While things have taken off since then in North America-where Black Kids is now headlining midsize clubs-that's nothing compared with the U.K., where Partie Traumatic debuted in the top five. Holmes suggests that English pop fans get the music a bit more, which one might assume means the postpunk-'80s side of the Kids' personality.
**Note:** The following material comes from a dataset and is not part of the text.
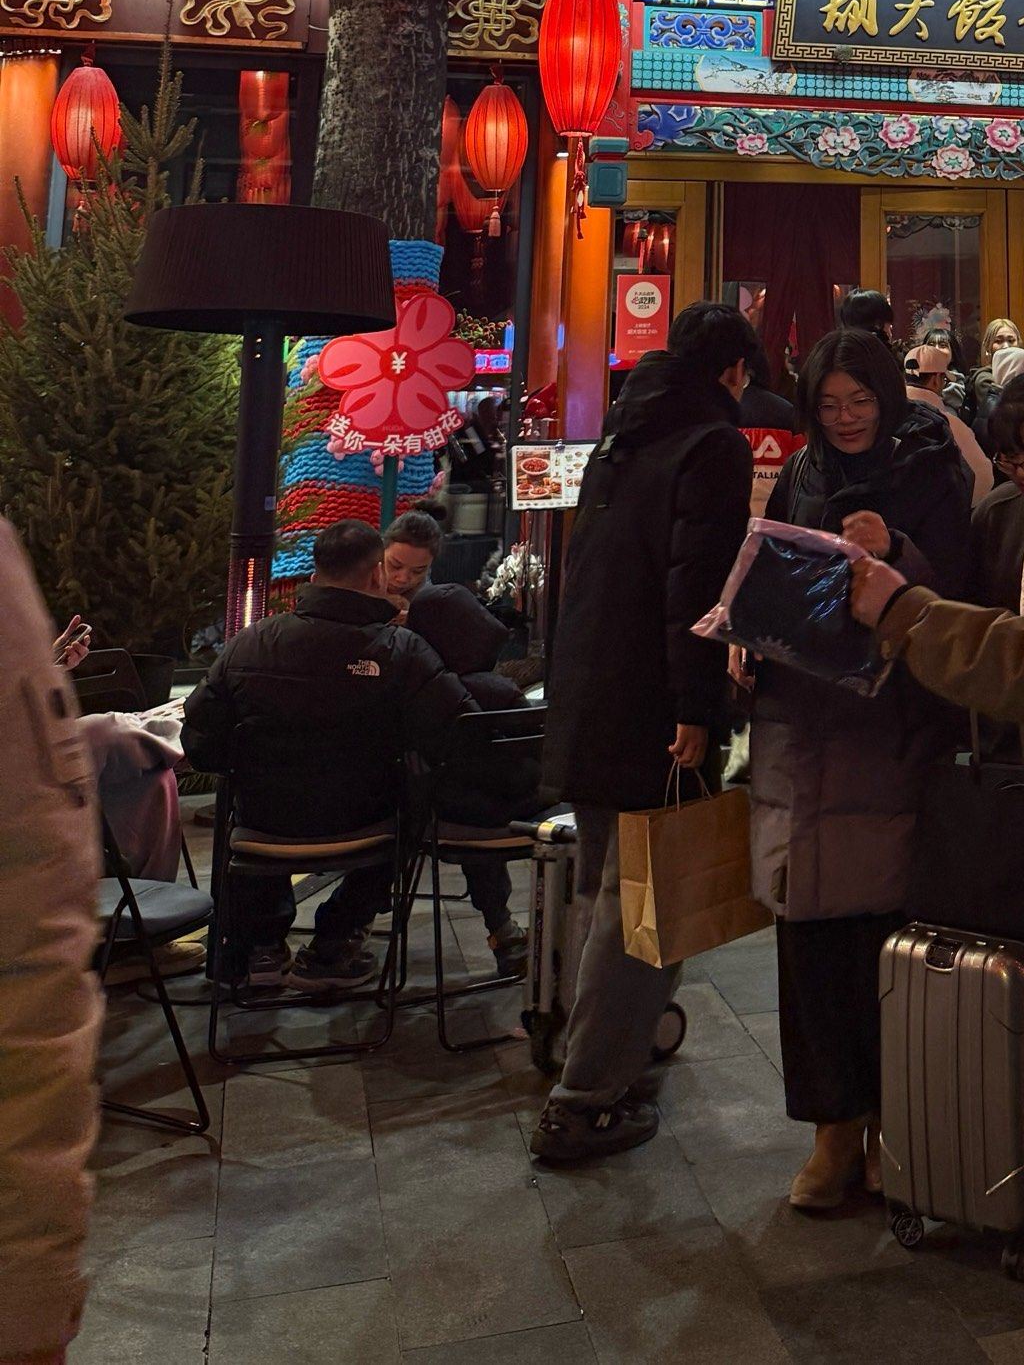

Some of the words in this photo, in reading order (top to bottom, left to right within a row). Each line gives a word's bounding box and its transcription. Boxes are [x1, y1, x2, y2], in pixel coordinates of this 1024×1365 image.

What he's really talking about, though, is the group's Happy Mondays–like genre-mashing inclusion of hip-hop, techno, and funk, which has been proven to fill dance floors in the U.K., admittedly mostly with white kids.
"I think British mainstream audiences-more so than Canada and the States-seem willing to embrace music that's just, I don't know, a little bit off in a certain way," Holmes suggests. "I mean, our music is absurd, if you think about it."
Black Kids play Richard's on Richards on Saturday (October 11).